Spatial localization data
------------------------------------

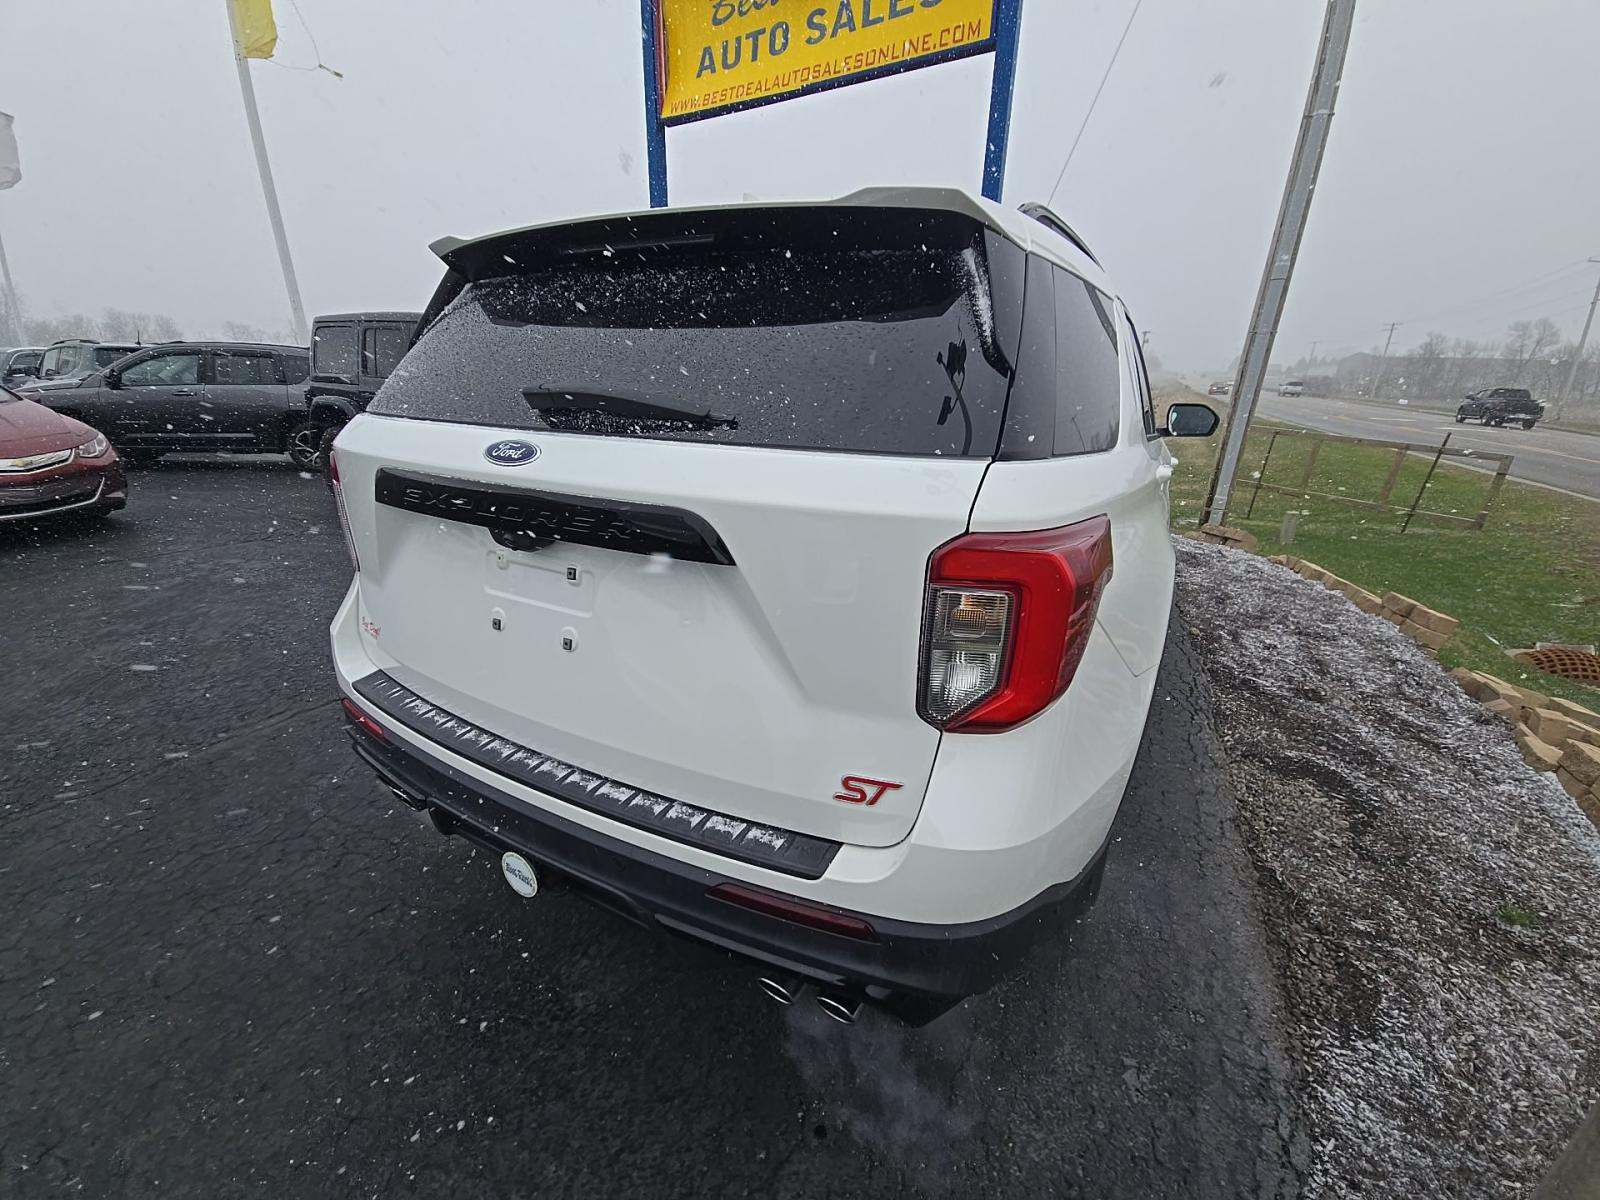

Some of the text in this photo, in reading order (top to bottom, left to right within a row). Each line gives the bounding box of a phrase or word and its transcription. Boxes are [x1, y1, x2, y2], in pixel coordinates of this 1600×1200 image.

[696, 0, 944, 78] AUTO SALE
[670, 19, 982, 114] WWW.BESTDEALAUTOSALESONLINE.COM
[492, 443, 526, 459] Ford
[833, 775, 904, 806] ST

------------------------------------

WORK INSTRUCTION
In your copy, omit the pictures and restate every line of the data word for word.

YOUR RESPONSE
Some of the text in this photo, in reading order (top to bottom, left to right within a row). Each line gives the bounding box of a phrase or word and its transcription. Boxes are [x1, y1, x2, y2], in pixel coordinates of this 1600×1200 image.

[696, 0, 944, 78] AUTO SALE
[670, 19, 982, 114] WWW.BESTDEALAUTOSALESONLINE.COM
[492, 443, 526, 459] Ford
[833, 775, 904, 806] ST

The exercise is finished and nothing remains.